> _PROBLEM REQUIREMENTS_:
Retype the following data exactly, but leave its pictures out.

> _DATA TO EXAMINE_:
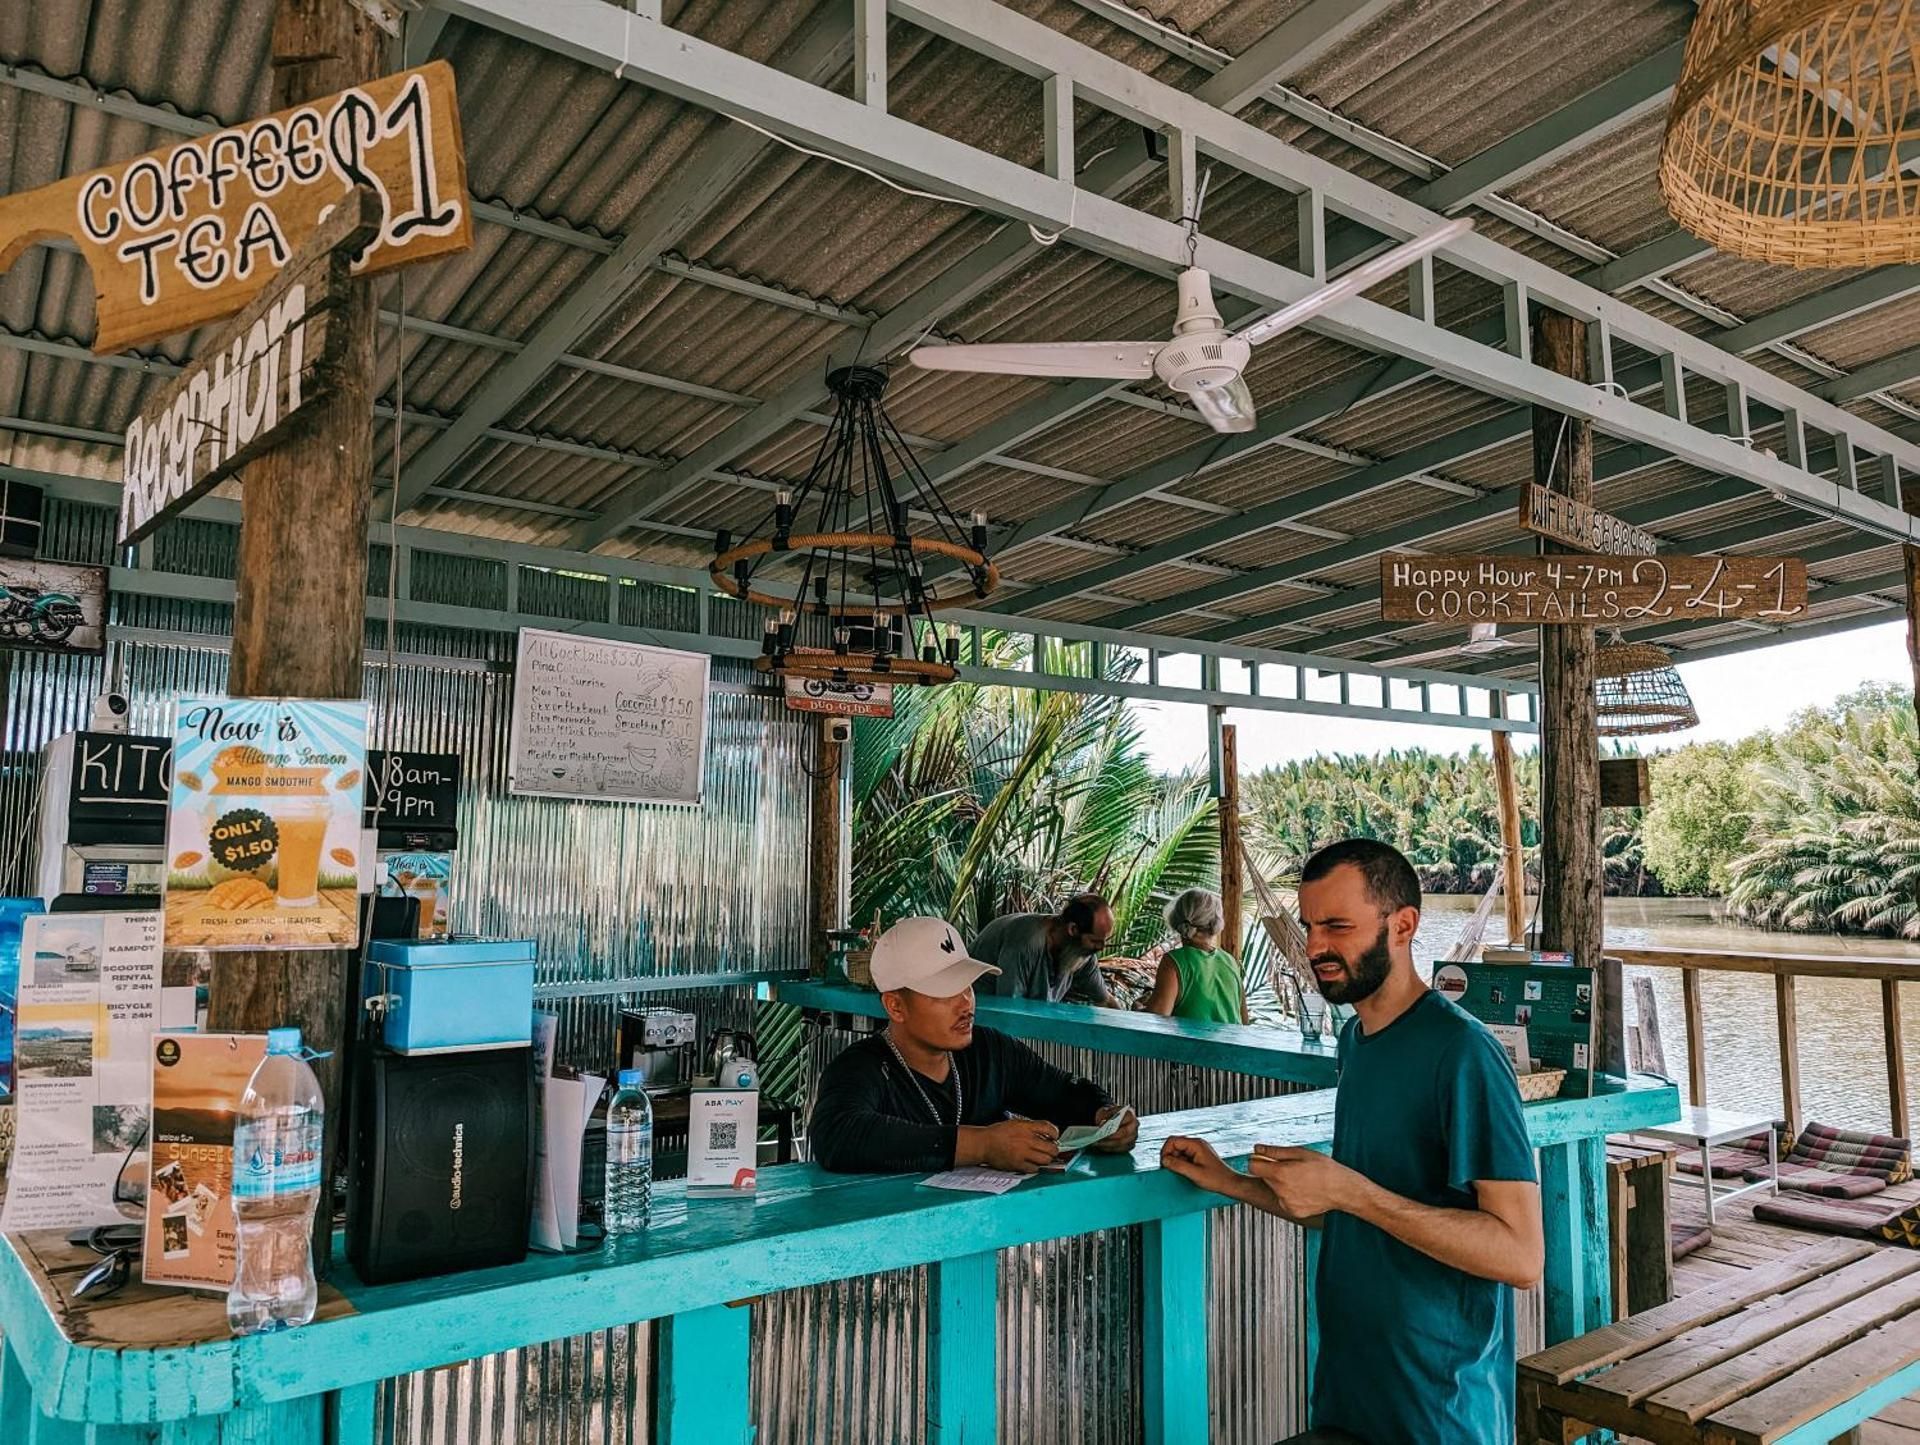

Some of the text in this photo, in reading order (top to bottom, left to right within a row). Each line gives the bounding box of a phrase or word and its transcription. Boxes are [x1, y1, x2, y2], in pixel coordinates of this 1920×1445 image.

[80, 75, 461, 266] COFFEE $1
[121, 203, 290, 304] TEA
[1393, 563, 1470, 587] Happy
[1479, 563, 1536, 587] Hour
[1624, 559, 1803, 618] 2-4-1
[1416, 591, 1620, 618] COCKTAILS
[810, 701, 873, 714] DUO GLIDE
[186, 706, 301, 742] Now is
[296, 746, 347, 766] Season
[226, 775, 261, 787] MANGO
[215, 819, 262, 840] ONLY
[224, 839, 274, 862] $1.50
[201, 918, 228, 926] FRESH
[103, 964, 154, 972] SCOOTER
[169, 1142, 223, 1162] Sunset
[451, 1123, 463, 1198] audio-technica
[216, 1229, 236, 1242] Every
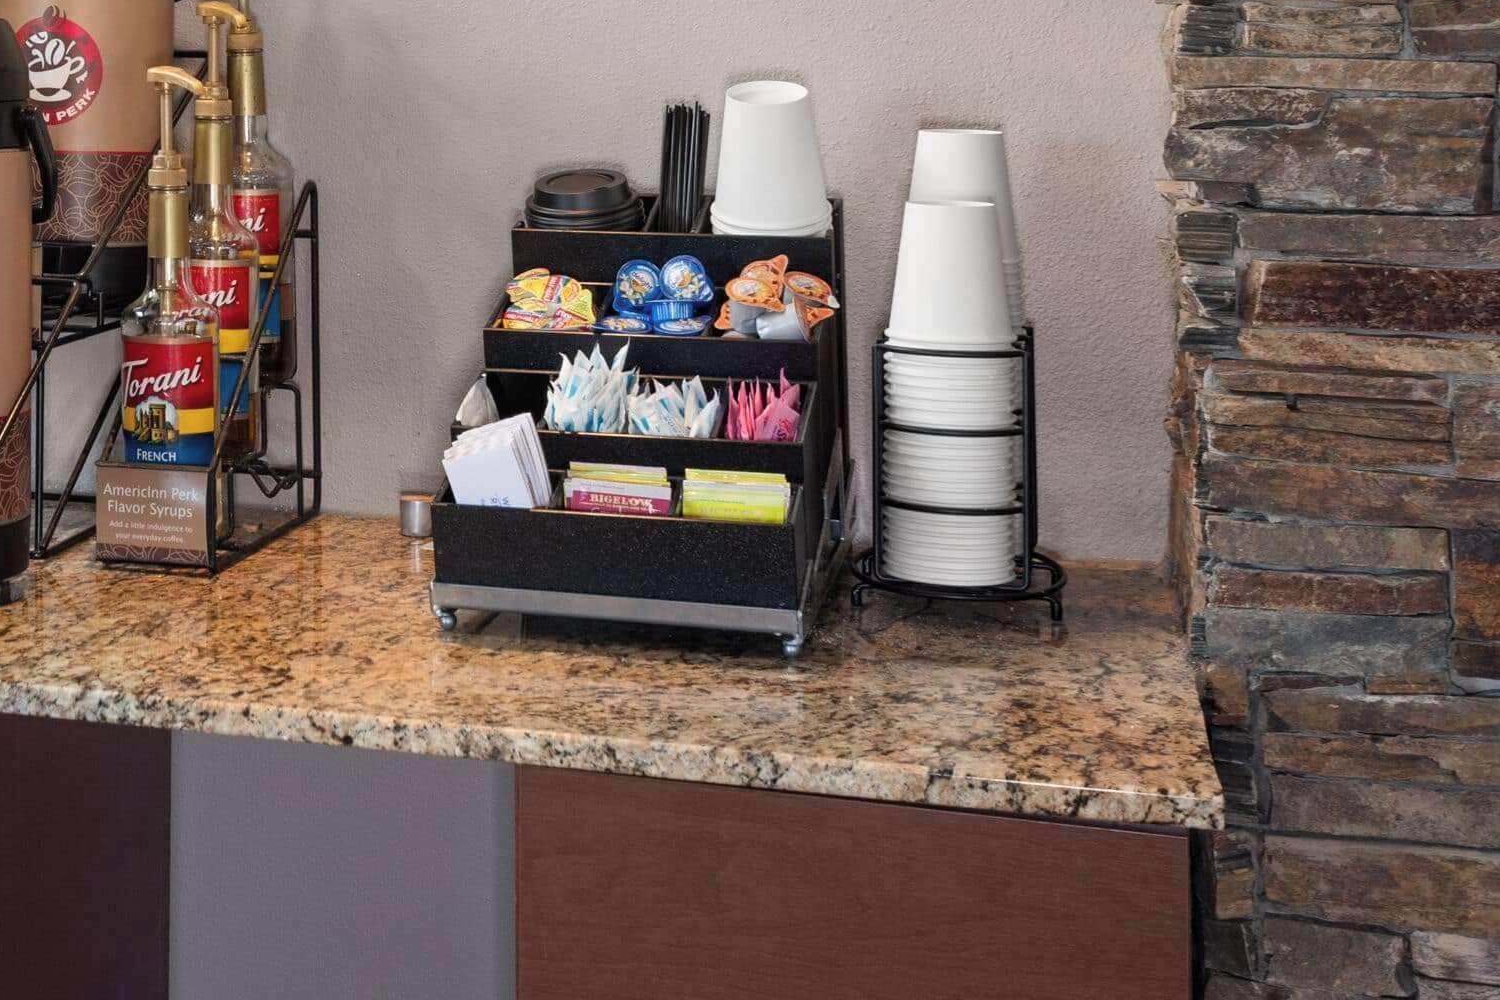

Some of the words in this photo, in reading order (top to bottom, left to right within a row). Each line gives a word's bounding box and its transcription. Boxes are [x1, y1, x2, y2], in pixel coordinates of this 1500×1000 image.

[55, 87, 96, 122] PERK
[122, 355, 204, 407] Torani
[136, 448, 177, 462] FRENCH
[103, 483, 167, 499] AmericInn
[171, 487, 198, 501] Perk
[590, 493, 652, 507] BIGELOW
[107, 500, 146, 514] Flavor
[149, 502, 193, 519] Syrups
[109, 520, 123, 529] Add
[147, 522, 184, 533] indulgence
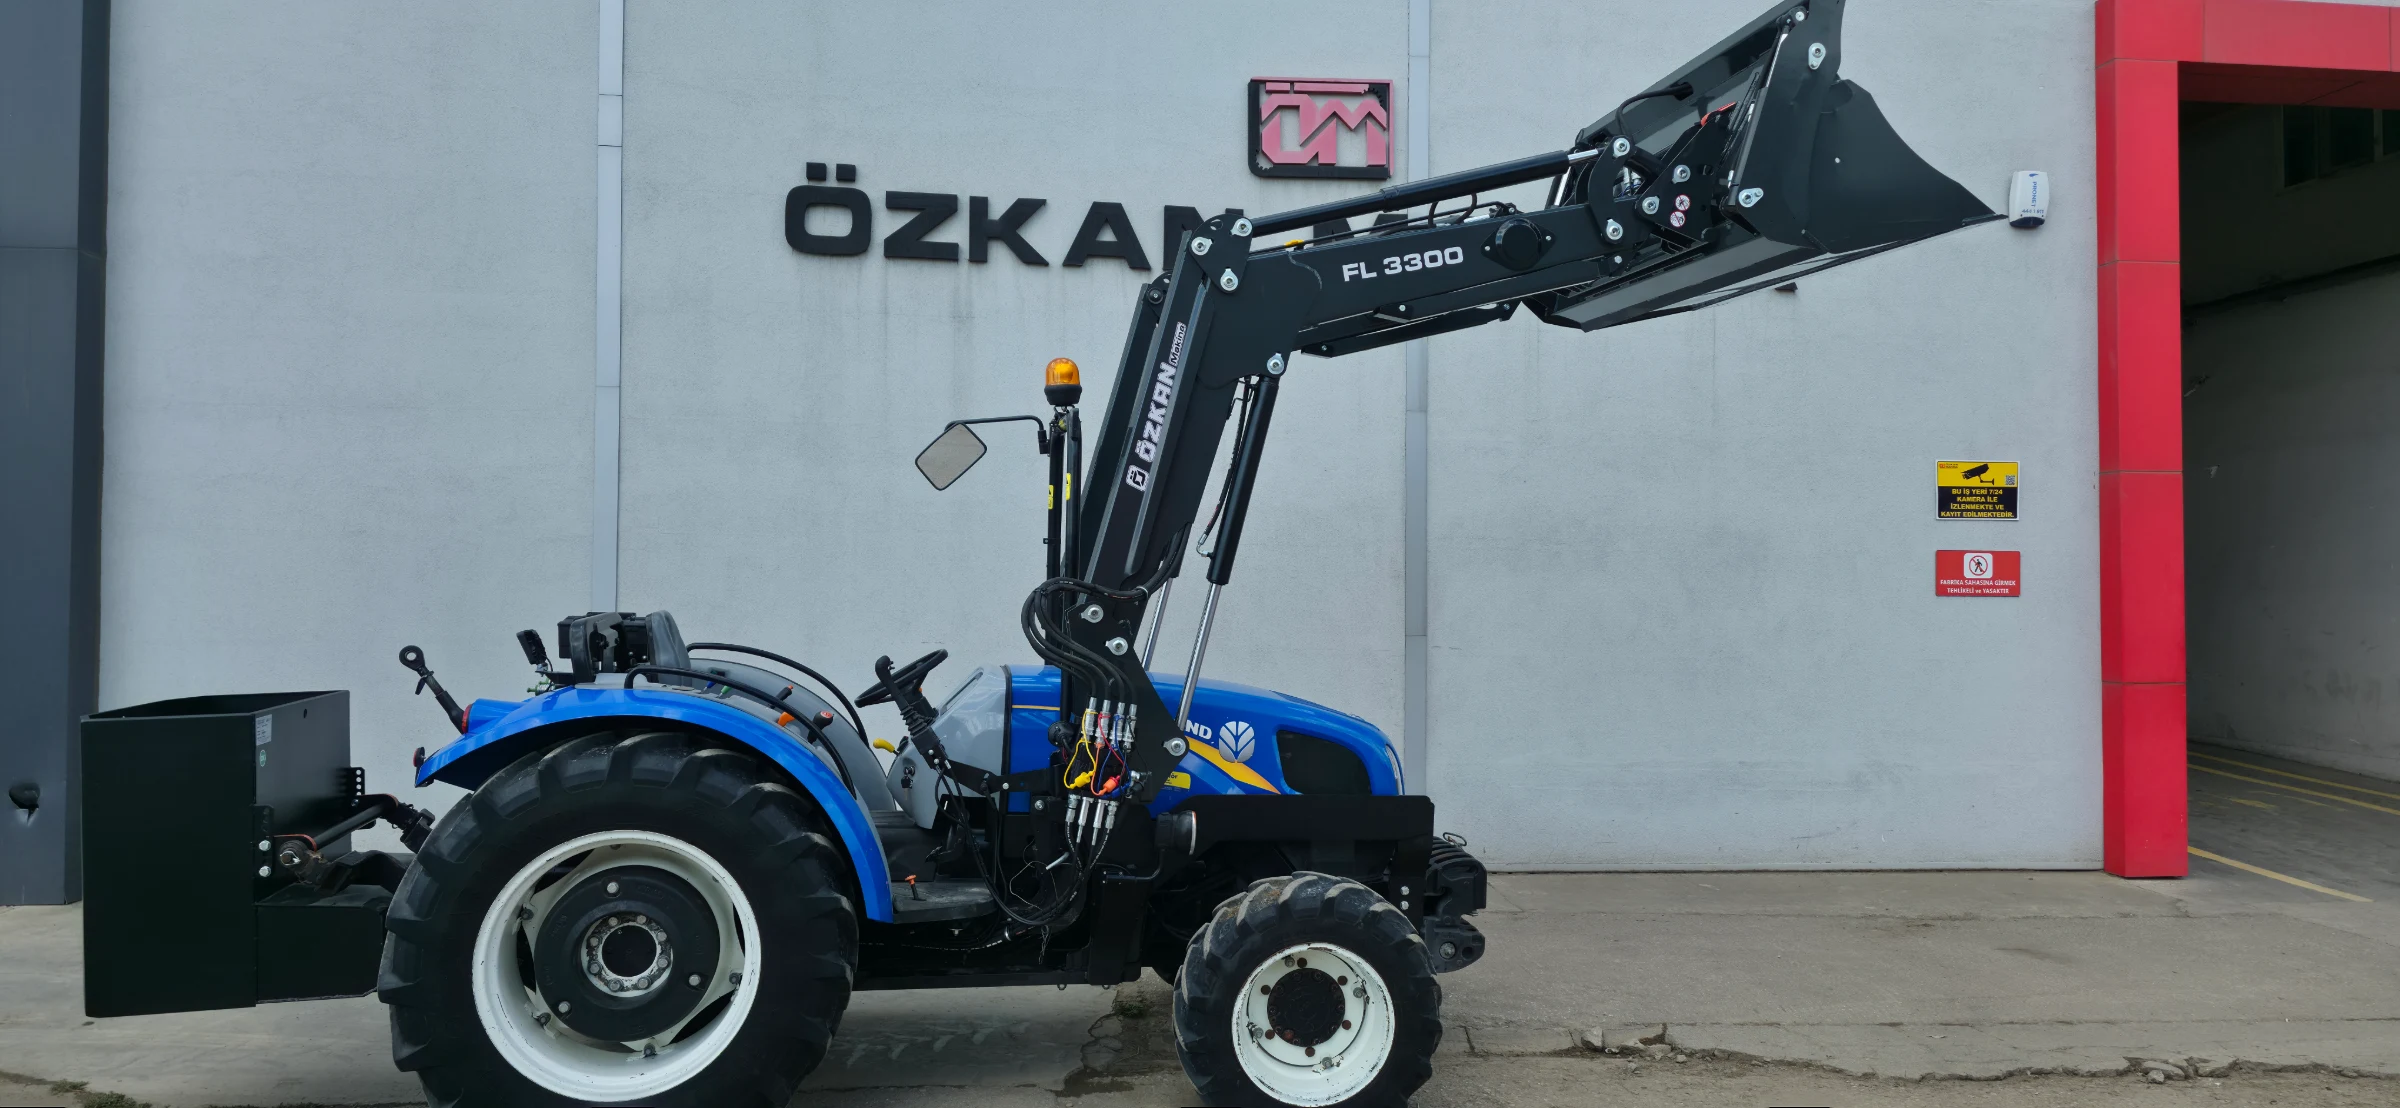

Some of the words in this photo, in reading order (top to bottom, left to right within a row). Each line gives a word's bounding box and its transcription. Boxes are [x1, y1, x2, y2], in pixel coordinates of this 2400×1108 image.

[1342, 261, 1377, 282] FL
[1383, 246, 1464, 275] 3300
[1135, 361, 1178, 463] ÖZKAN
[1170, 323, 1186, 365] Makina
[1185, 719, 1212, 740] ND

> _SOLVED EXERCISE_:
Some of the text in this photo, in reading order (top to bottom, left to right within a row). Each line gives the bounding box of a phrase or word and its transcription. Boxes are [x1, y1, x2, y2], in pixel coordinates of this 1920×1445 image.

[80, 75, 461, 266] COFFEE $1
[121, 203, 290, 304] TEA
[1393, 563, 1470, 587] Happy
[1479, 563, 1536, 587] Hour
[1624, 559, 1803, 618] 2-4-1
[1416, 591, 1620, 618] COCKTAILS
[810, 701, 873, 714] DUO GLIDE
[186, 706, 301, 742] Now is
[296, 746, 347, 766] Season
[226, 775, 261, 787] MANGO
[215, 819, 262, 840] ONLY
[224, 839, 274, 862] $1.50
[201, 918, 228, 926] FRESH
[103, 964, 154, 972] SCOOTER
[169, 1142, 223, 1162] Sunset
[451, 1123, 463, 1198] audio-technica
[216, 1229, 236, 1242] Every

Some of the words in this photo, in reading order (top to bottom, left to right within a row). Each line gives a word's bounding box and its transcription. Boxes are [x1, y1, x2, y2], in pixel coordinates of this 1500×1000 image.

[55, 87, 96, 122] PERK
[122, 355, 204, 407] Torani
[136, 448, 177, 462] FRENCH
[103, 483, 167, 499] AmericInn
[171, 487, 198, 501] Perk
[590, 493, 652, 507] BIGELOW
[107, 500, 146, 514] Flavor
[149, 502, 193, 519] Syrups
[109, 520, 123, 529] Add
[147, 522, 184, 533] indulgence

Some of the words in this photo, in reading order (top to bottom, left to right within a row). Each line gives a word's bounding box and its transcription. Boxes are [x1, y1, x2, y2], in pixel coordinates of this 2400×1108 image.

[1342, 261, 1377, 282] FL
[1383, 246, 1464, 275] 3300
[1135, 361, 1178, 463] ÖZKAN
[1170, 323, 1186, 365] Makina
[1185, 719, 1212, 740] ND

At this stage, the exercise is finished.